- [Work instruction] In full and unchanged, set down the entries that follow, with no images.

- [Data shown]
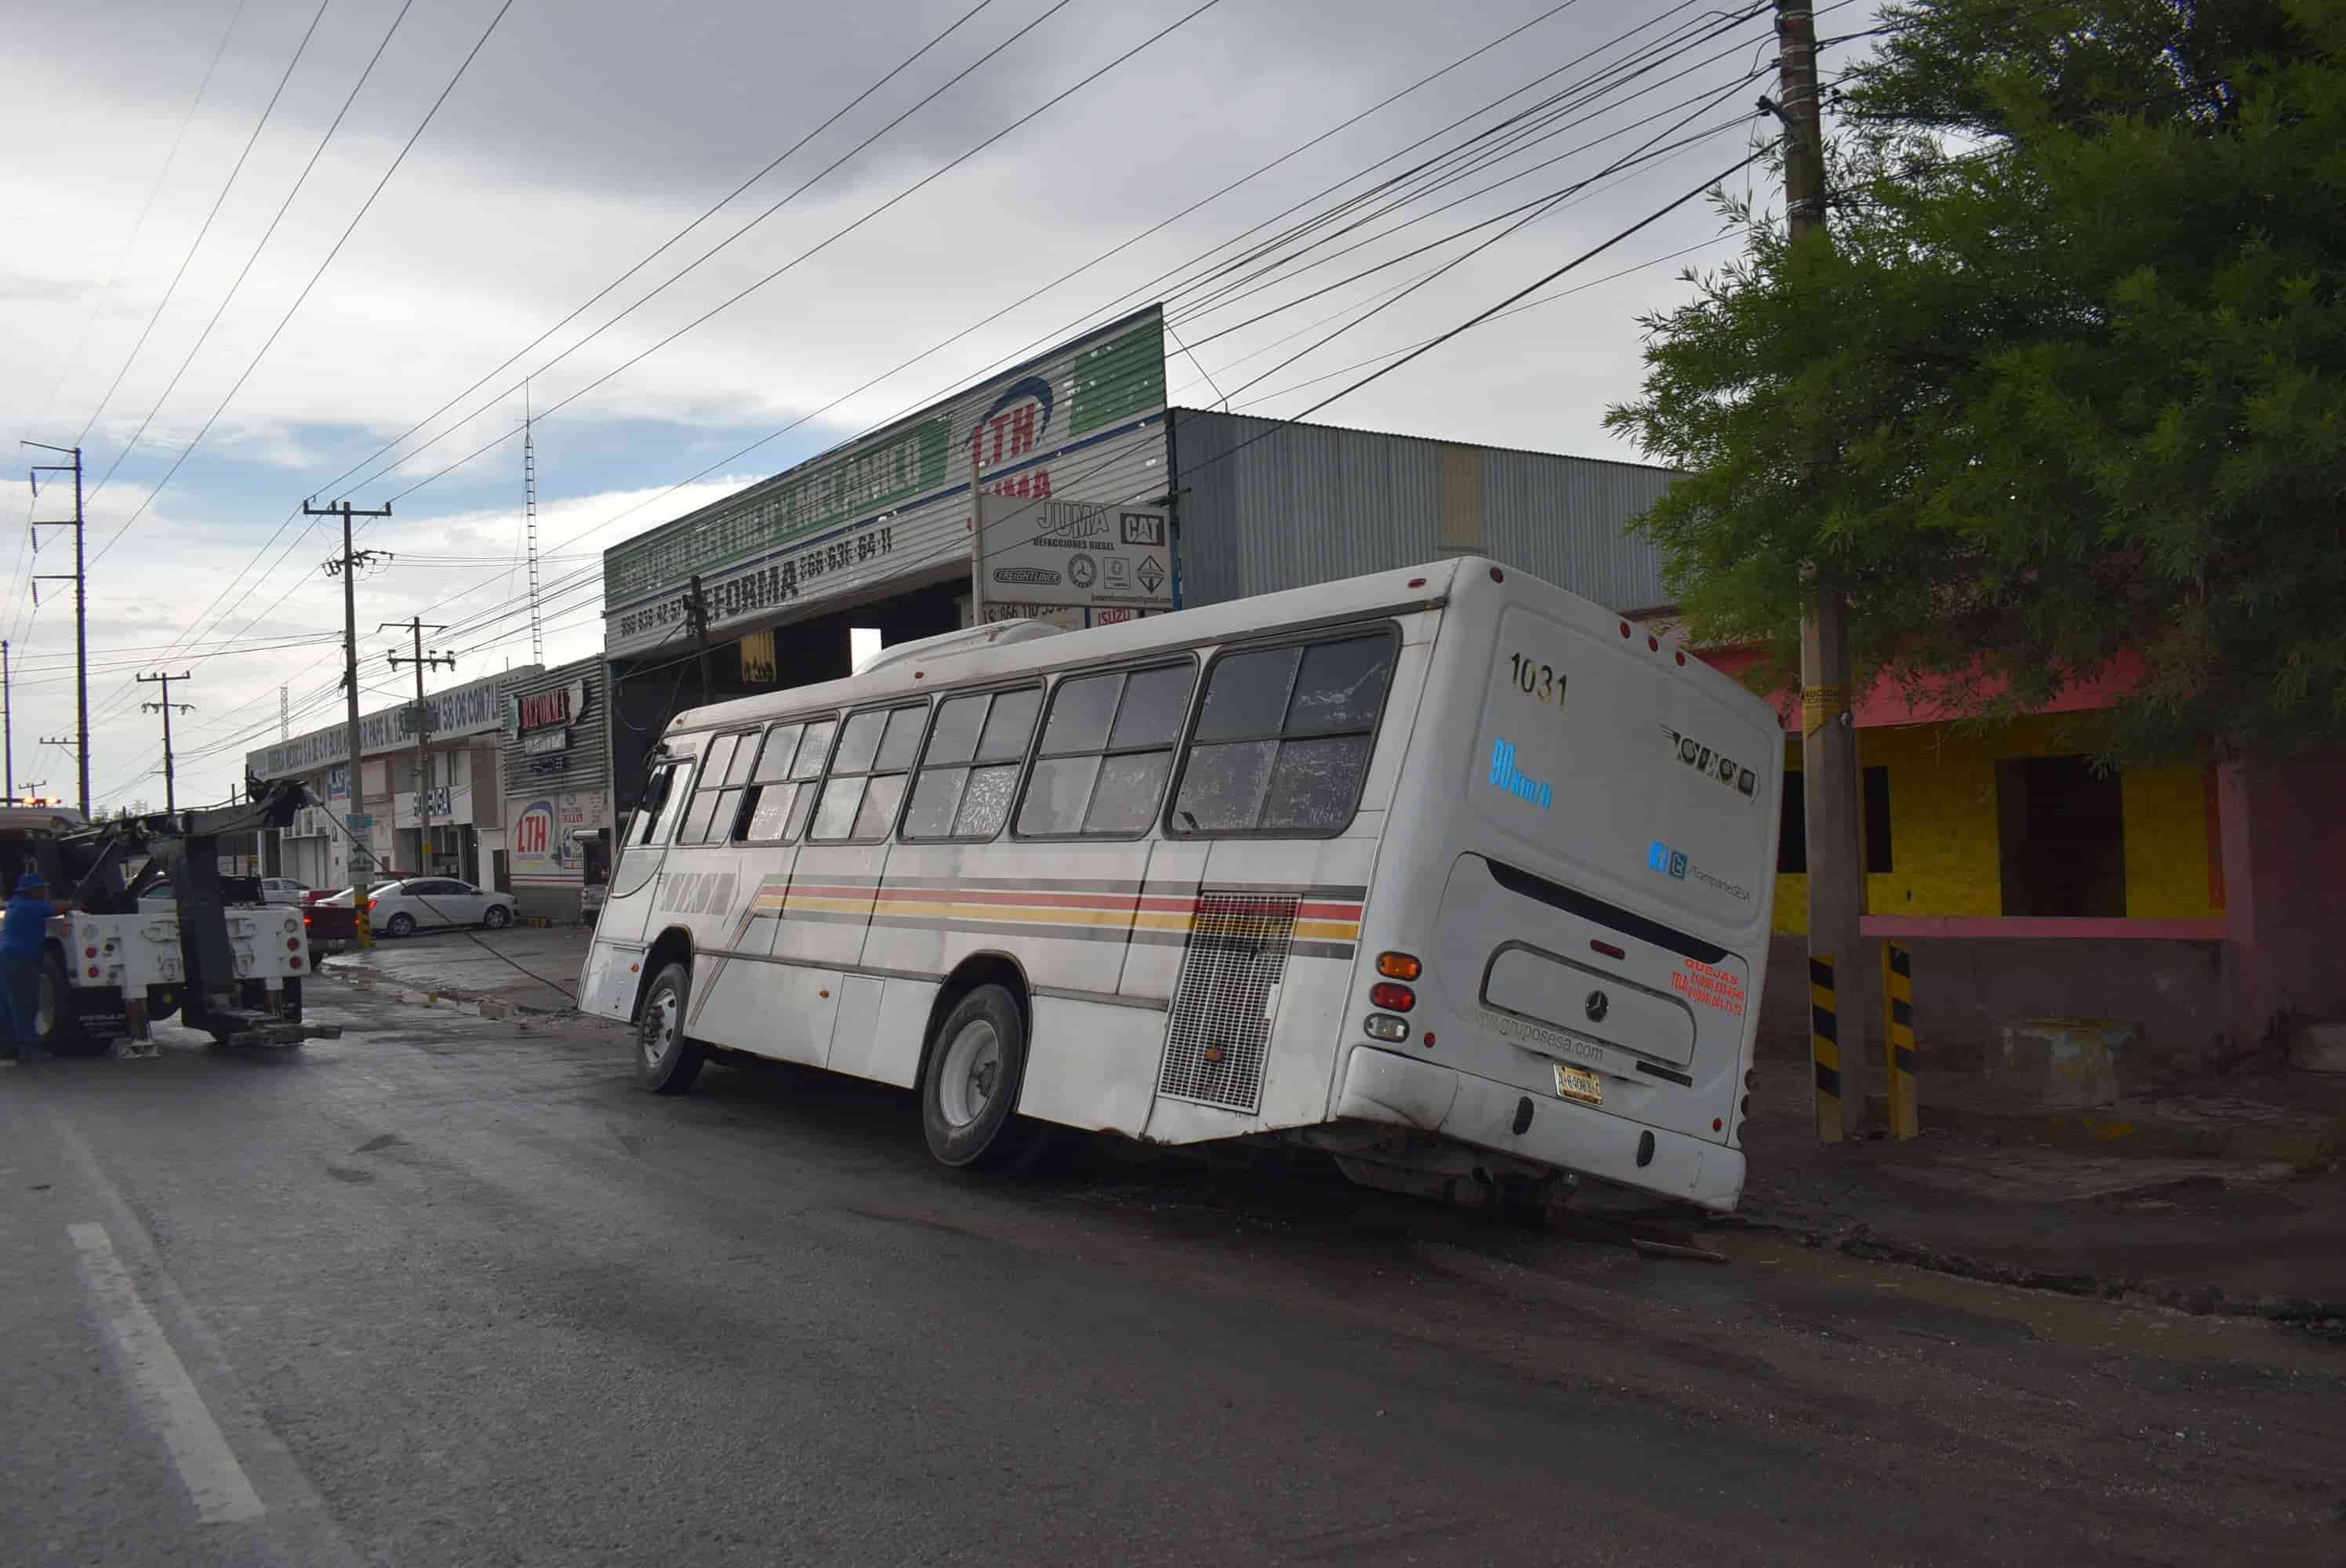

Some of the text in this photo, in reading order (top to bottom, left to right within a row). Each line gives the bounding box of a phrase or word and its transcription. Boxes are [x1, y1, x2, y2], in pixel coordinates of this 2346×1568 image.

[1037, 502, 1109, 539] JUMA
[1125, 516, 1160, 543] CAT
[1089, 541, 1115, 551] DIESEL
[997, 571, 1059, 583] FREIGHTLINER
[1098, 608, 1130, 626] ISUZU
[1511, 652, 1568, 712] 1031
[468, 684, 485, 724] CON
[521, 690, 566, 728] REFORMA
[518, 815, 547, 853] LTH
[1685, 958, 1738, 985] QUEJAS

- [Final answer]
Some of the text in this photo, in reading order (top to bottom, left to right within a row). Each line gives the bounding box of a phrase or word and its transcription. Boxes are [x1, y1, x2, y2], in pixel coordinates of this 2346×1568 image.

[1037, 502, 1109, 539] JUMA
[1125, 516, 1160, 543] CAT
[1089, 541, 1115, 551] DIESEL
[997, 571, 1059, 583] FREIGHTLINER
[1098, 608, 1130, 626] ISUZU
[1511, 652, 1568, 712] 1031
[468, 684, 485, 724] CON
[521, 690, 566, 728] REFORMA
[518, 815, 547, 853] LTH
[1685, 958, 1738, 985] QUEJAS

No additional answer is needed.